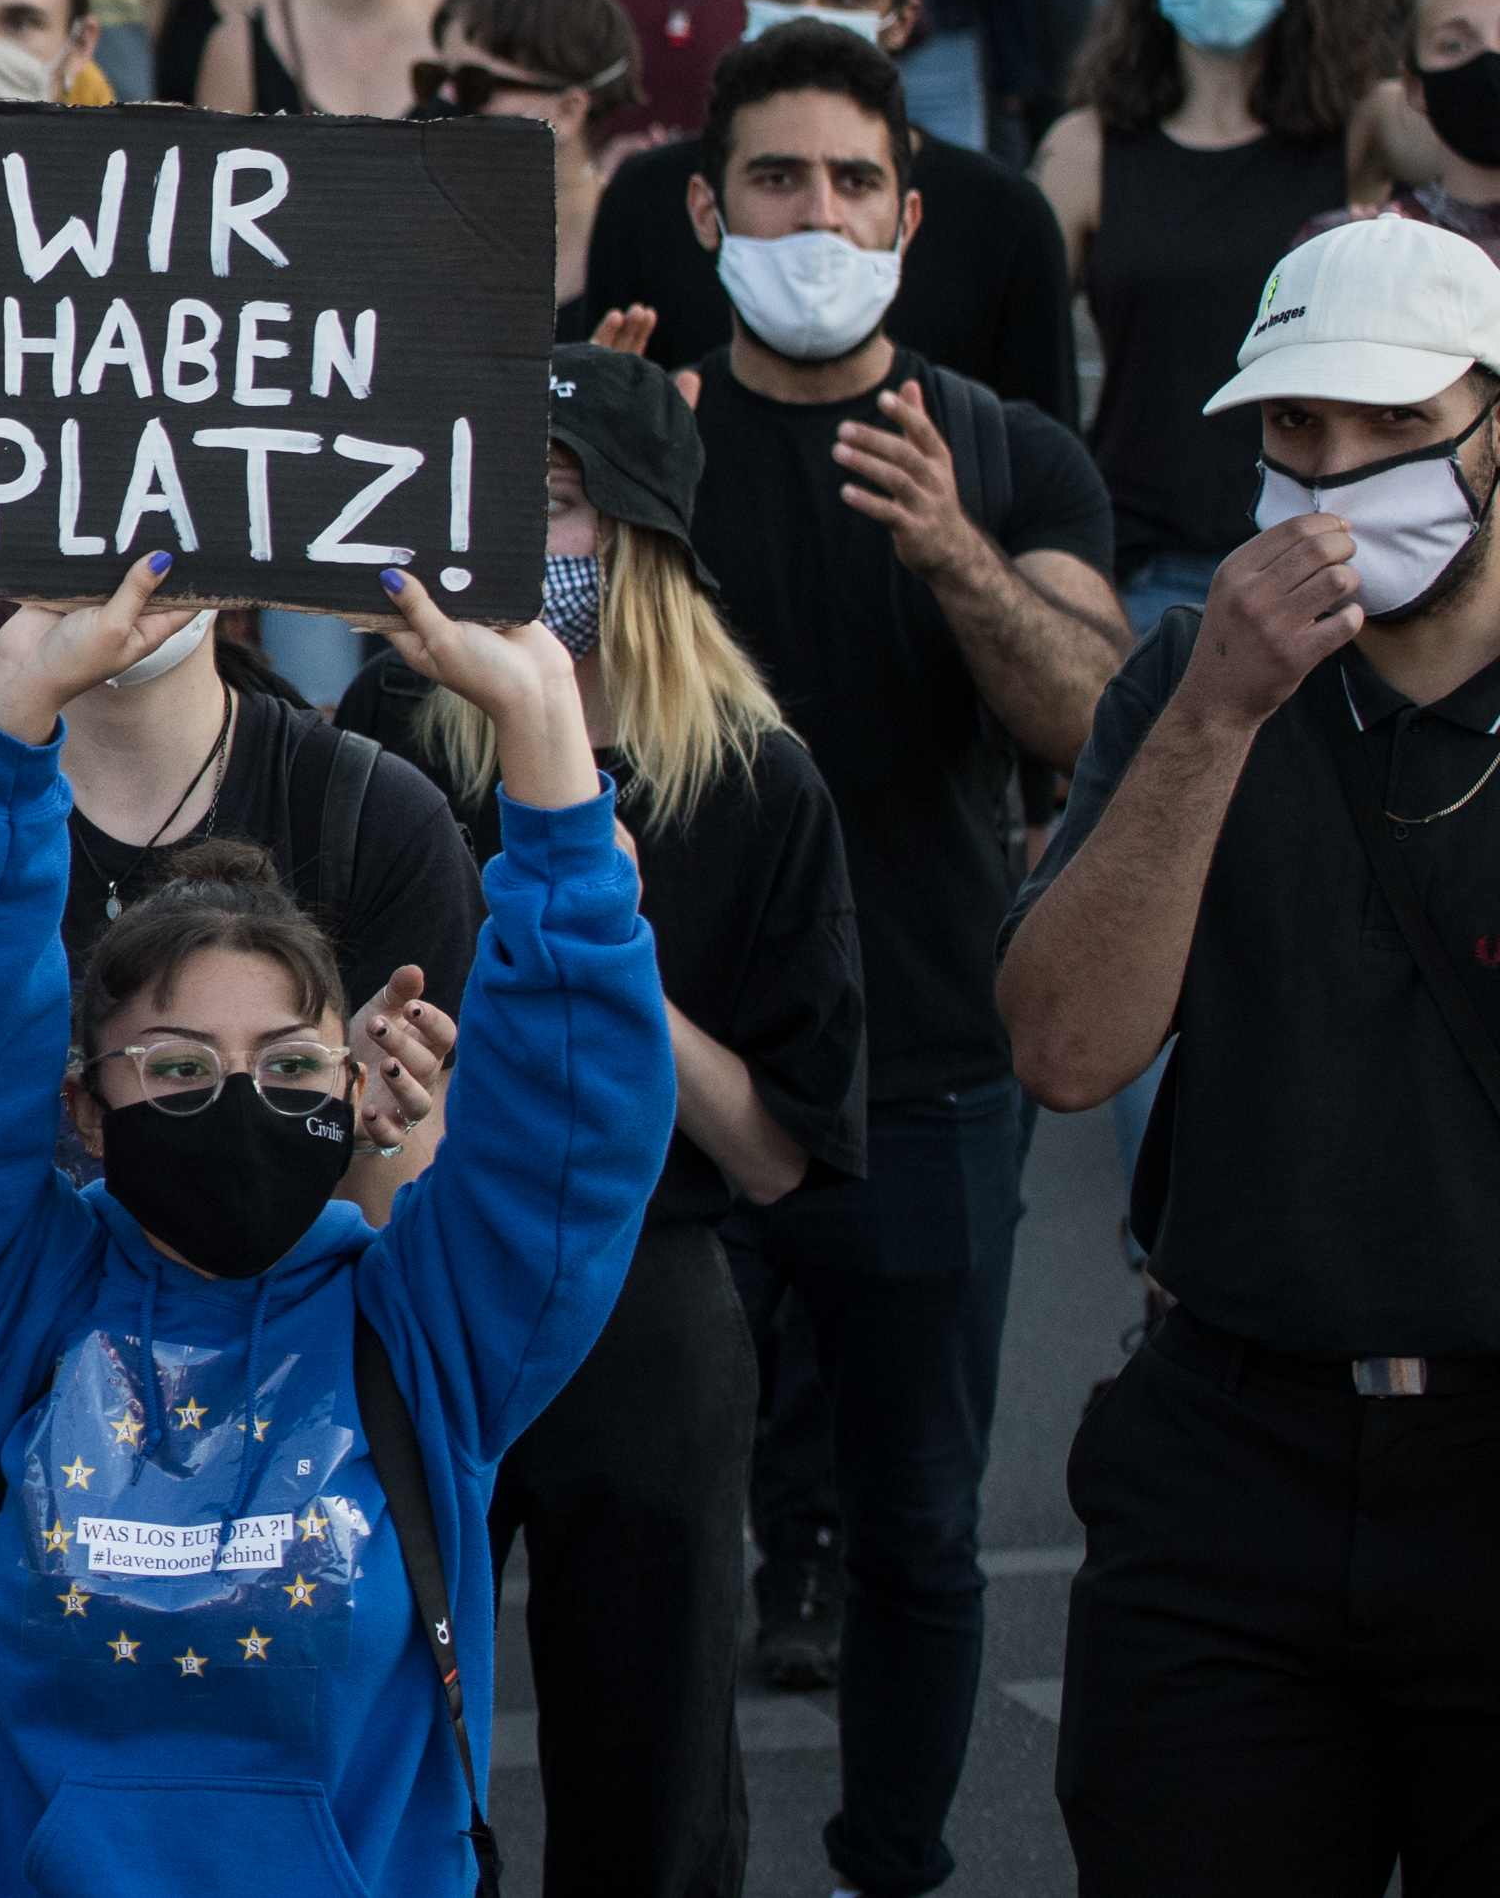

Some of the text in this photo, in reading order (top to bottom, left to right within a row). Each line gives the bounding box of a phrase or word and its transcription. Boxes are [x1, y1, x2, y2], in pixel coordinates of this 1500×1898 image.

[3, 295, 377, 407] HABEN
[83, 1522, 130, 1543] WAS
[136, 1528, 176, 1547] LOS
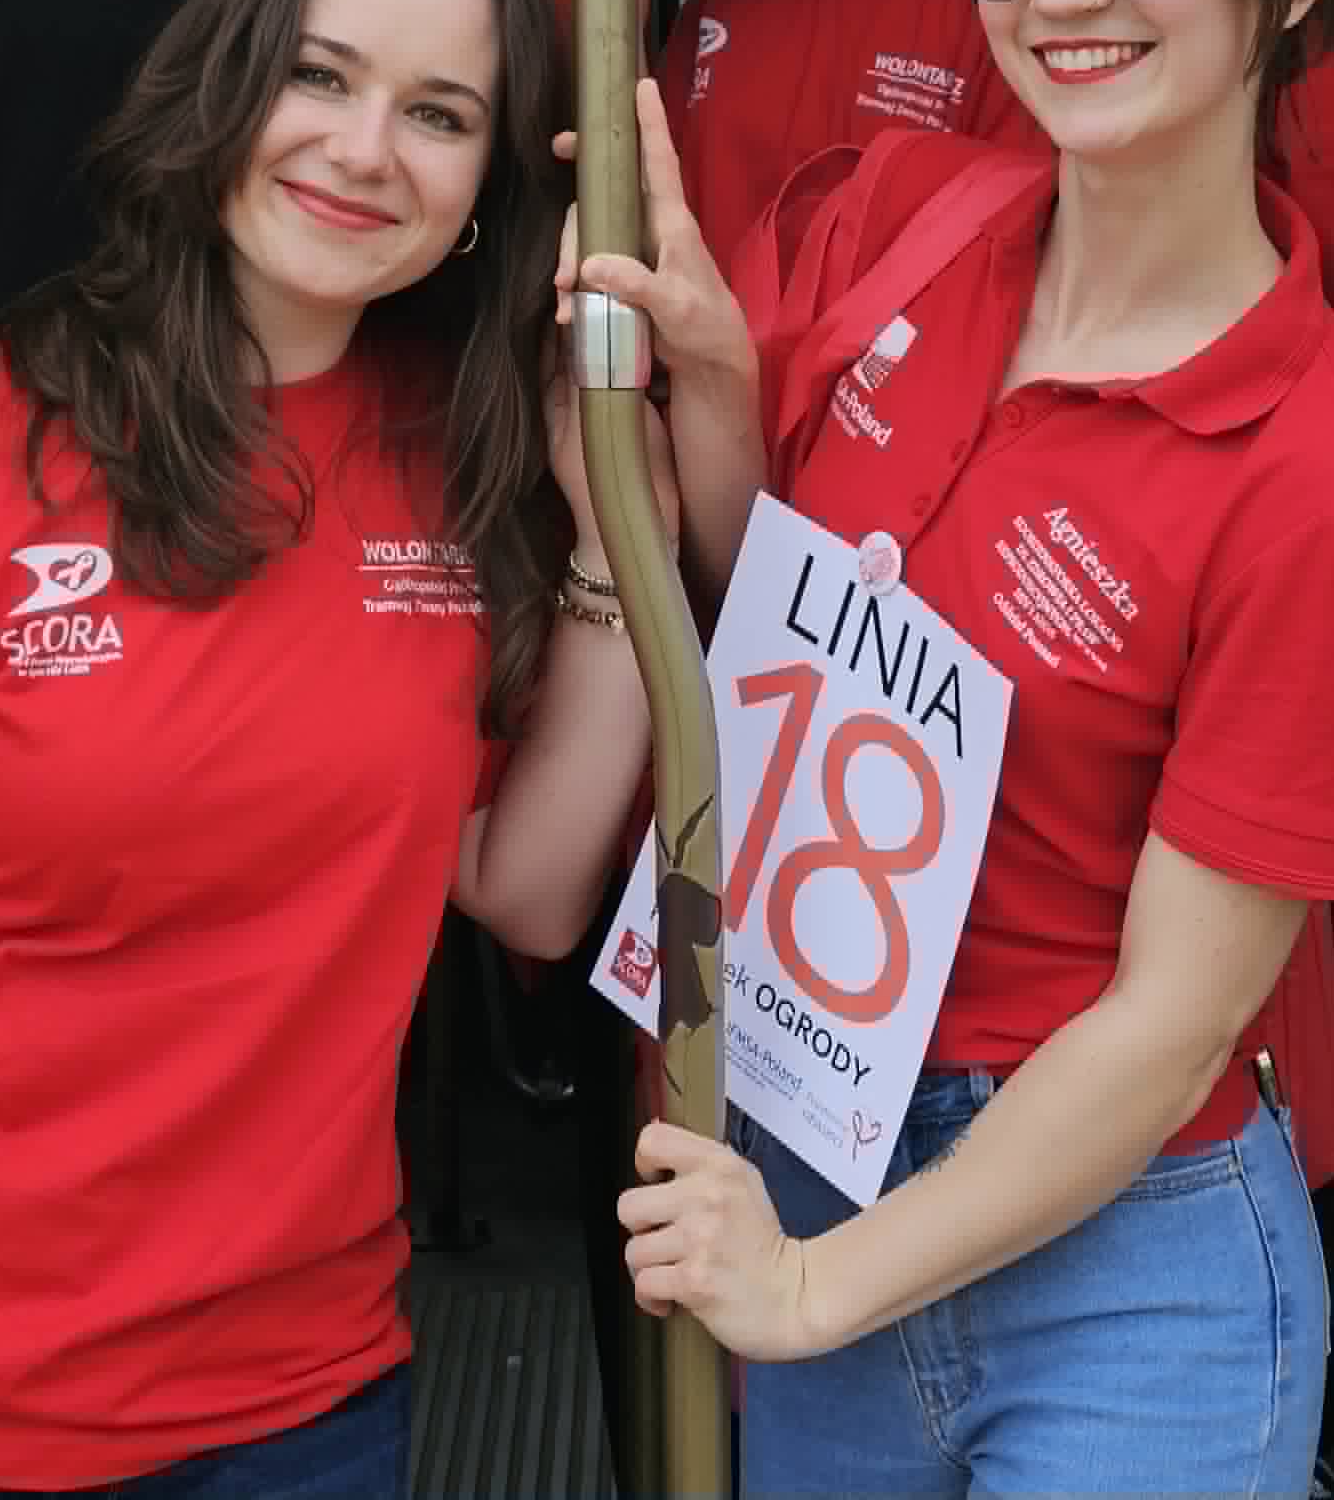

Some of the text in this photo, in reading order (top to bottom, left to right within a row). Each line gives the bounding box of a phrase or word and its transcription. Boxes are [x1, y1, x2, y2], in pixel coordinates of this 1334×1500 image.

--

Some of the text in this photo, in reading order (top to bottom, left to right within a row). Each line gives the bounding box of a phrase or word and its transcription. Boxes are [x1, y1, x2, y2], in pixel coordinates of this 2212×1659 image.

### Brief
For this task, return exactly the stretch of the listing above from the line with "this 1500×1898 image." through the line with "this 1334×1500 image.", inclusive and without pictures.

### Written solution
Some of the text in this photo, in reading order (top to bottom, left to right within a row). Each line gives the bounding box of a phrase or word and its transcription. Boxes are [x1, y1, x2, y2], in pixel coordinates of this 1500×1898 image.

[3, 295, 377, 407] HABEN
[83, 1522, 130, 1543] WAS
[136, 1528, 176, 1547] LOS

Some of the text in this photo, in reading order (top to bottom, left to right within a row). Each line gives the bounding box of a phrase or word and its transcription. Boxes are [x1, y1, x2, y2], in pixel coordinates of this 1334×1500 image.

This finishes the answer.